- [TASK PROMPT]: With the images removed, write out every line below exactly.

:: EXERCISE MATERIAL

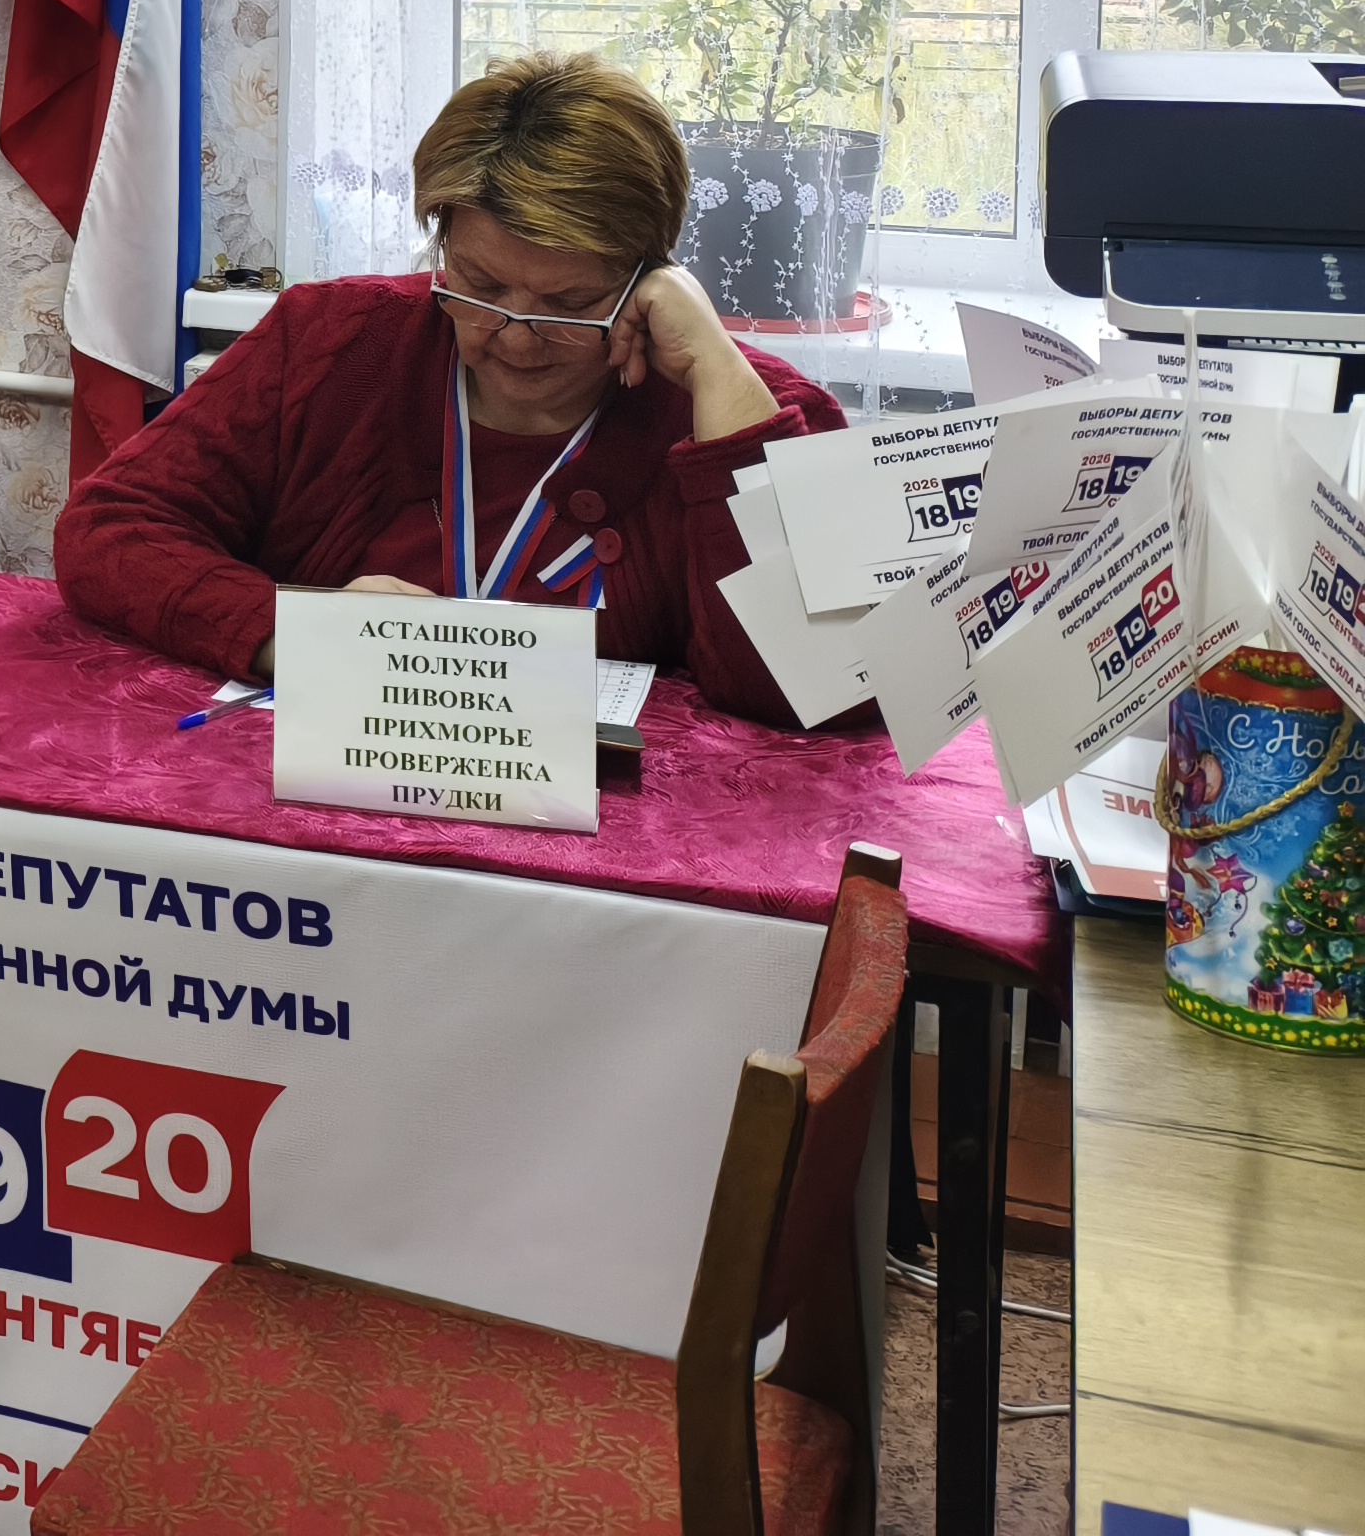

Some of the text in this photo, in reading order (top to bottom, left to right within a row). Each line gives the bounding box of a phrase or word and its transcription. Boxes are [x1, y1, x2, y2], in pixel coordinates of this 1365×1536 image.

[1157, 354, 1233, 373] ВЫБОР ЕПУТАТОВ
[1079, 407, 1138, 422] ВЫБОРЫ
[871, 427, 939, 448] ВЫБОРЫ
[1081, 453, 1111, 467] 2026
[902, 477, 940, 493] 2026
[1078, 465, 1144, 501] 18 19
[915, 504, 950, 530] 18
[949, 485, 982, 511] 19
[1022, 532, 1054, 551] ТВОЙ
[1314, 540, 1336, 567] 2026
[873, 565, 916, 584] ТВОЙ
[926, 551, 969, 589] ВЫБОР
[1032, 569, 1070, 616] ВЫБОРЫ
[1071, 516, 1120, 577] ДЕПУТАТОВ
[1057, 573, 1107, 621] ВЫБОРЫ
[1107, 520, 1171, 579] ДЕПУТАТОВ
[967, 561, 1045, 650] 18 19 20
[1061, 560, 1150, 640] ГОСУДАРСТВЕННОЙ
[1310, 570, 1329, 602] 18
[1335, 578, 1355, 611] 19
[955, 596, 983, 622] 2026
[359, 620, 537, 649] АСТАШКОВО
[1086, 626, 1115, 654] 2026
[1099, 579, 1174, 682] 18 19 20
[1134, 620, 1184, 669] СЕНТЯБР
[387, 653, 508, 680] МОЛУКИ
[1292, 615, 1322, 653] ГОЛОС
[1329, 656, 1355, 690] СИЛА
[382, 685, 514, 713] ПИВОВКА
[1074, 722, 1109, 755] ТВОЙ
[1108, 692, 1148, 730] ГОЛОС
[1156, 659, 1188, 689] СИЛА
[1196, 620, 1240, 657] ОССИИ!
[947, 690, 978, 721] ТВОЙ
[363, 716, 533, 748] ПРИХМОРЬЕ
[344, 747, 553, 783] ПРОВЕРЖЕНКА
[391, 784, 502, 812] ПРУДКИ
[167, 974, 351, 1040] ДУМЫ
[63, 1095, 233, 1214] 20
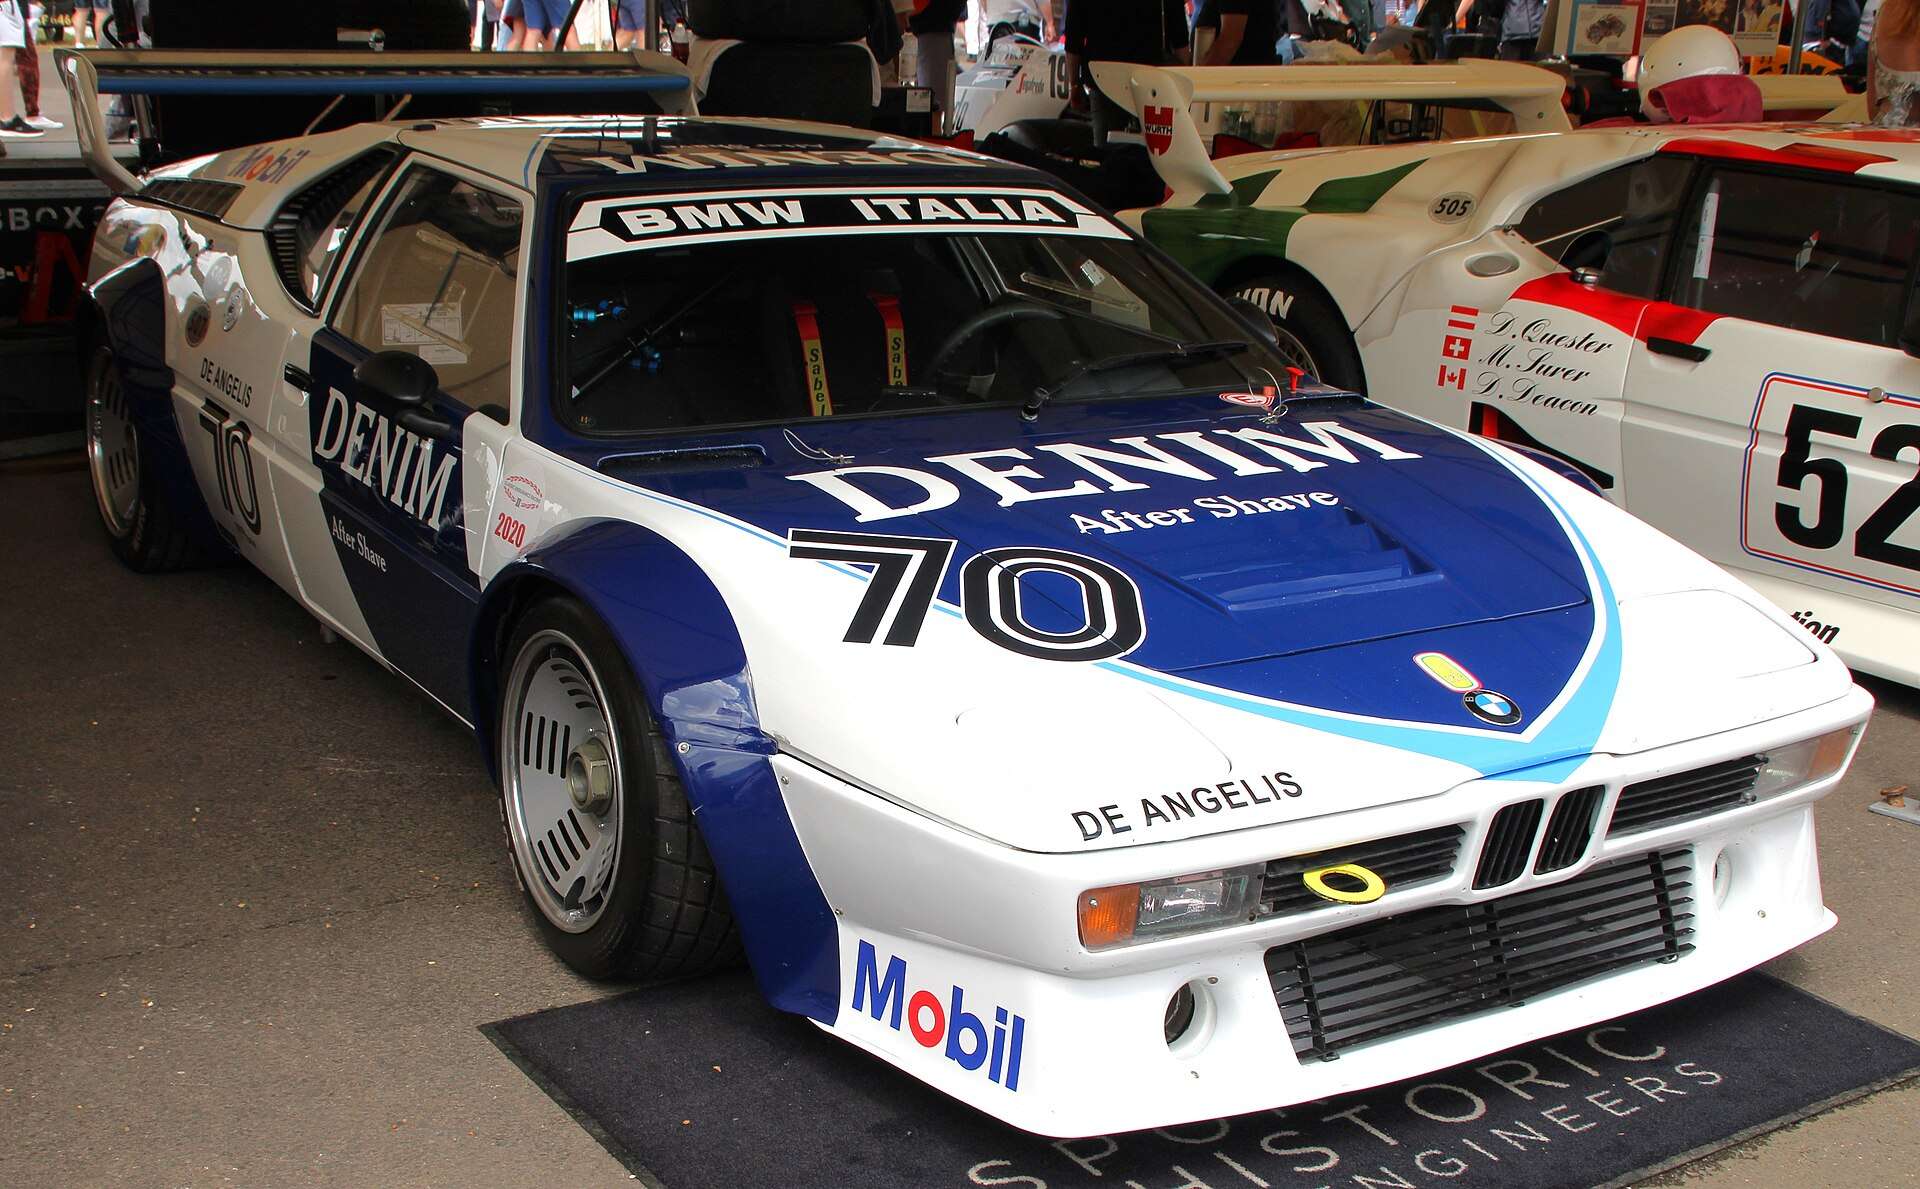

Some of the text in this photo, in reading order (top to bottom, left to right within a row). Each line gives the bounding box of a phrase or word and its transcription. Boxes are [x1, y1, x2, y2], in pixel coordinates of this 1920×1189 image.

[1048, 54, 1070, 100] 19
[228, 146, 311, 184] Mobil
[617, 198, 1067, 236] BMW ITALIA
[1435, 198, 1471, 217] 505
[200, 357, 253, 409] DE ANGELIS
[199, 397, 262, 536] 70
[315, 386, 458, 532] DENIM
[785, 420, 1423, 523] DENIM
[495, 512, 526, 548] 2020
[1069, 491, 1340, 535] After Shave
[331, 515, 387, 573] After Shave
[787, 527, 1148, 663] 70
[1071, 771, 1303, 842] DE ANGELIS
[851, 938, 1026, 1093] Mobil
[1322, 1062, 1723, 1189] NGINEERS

::::

- [OUTPUT OF THE TASK]:
Some of the text in this photo, in reading order (top to bottom, left to right within a row). Each line gives the bounding box of a phrase or word and its transcription. Boxes are [x1, y1, x2, y2], in pixel coordinates of this 1365×1536 image.

[1157, 354, 1233, 373] ВЫБОР ЕПУТАТОВ
[1079, 407, 1138, 422] ВЫБОРЫ
[871, 427, 939, 448] ВЫБОРЫ
[1081, 453, 1111, 467] 2026
[902, 477, 940, 493] 2026
[1078, 465, 1144, 501] 18 19
[915, 504, 950, 530] 18
[949, 485, 982, 511] 19
[1022, 532, 1054, 551] ТВОЙ
[1314, 540, 1336, 567] 2026
[873, 565, 916, 584] ТВОЙ
[926, 551, 969, 589] ВЫБОР
[1032, 569, 1070, 616] ВЫБОРЫ
[1071, 516, 1120, 577] ДЕПУТАТОВ
[1057, 573, 1107, 621] ВЫБОРЫ
[1107, 520, 1171, 579] ДЕПУТАТОВ
[967, 561, 1045, 650] 18 19 20
[1061, 560, 1150, 640] ГОСУДАРСТВЕННОЙ
[1310, 570, 1329, 602] 18
[1335, 578, 1355, 611] 19
[955, 596, 983, 622] 2026
[359, 620, 537, 649] АСТАШКОВО
[1086, 626, 1115, 654] 2026
[1099, 579, 1174, 682] 18 19 20
[1134, 620, 1184, 669] СЕНТЯБР
[387, 653, 508, 680] МОЛУКИ
[1292, 615, 1322, 653] ГОЛОС
[1329, 656, 1355, 690] СИЛА
[382, 685, 514, 713] ПИВОВКА
[1074, 722, 1109, 755] ТВОЙ
[1108, 692, 1148, 730] ГОЛОС
[1156, 659, 1188, 689] СИЛА
[1196, 620, 1240, 657] ОССИИ!
[947, 690, 978, 721] ТВОЙ
[363, 716, 533, 748] ПРИХМОРЬЕ
[344, 747, 553, 783] ПРОВЕРЖЕНКА
[391, 784, 502, 812] ПРУДКИ
[167, 974, 351, 1040] ДУМЫ
[63, 1095, 233, 1214] 20

Some of the text in this photo, in reading order (top to bottom, left to right within a row). Each line gives the bounding box of a phrase or word and its transcription. Boxes are [x1, y1, x2, y2], in pixel coordinates of this 1920×1189 image.

[1048, 54, 1070, 100] 19
[228, 146, 311, 184] Mobil
[617, 198, 1067, 236] BMW ITALIA
[1435, 198, 1471, 217] 505
[200, 357, 253, 409] DE ANGELIS
[199, 397, 262, 536] 70
[315, 386, 458, 532] DENIM
[785, 420, 1423, 523] DENIM
[495, 512, 526, 548] 2020
[1069, 491, 1340, 535] After Shave
[331, 515, 387, 573] After Shave
[787, 527, 1148, 663] 70
[1071, 771, 1303, 842] DE ANGELIS
[851, 938, 1026, 1093] Mobil
[1322, 1062, 1723, 1189] NGINEERS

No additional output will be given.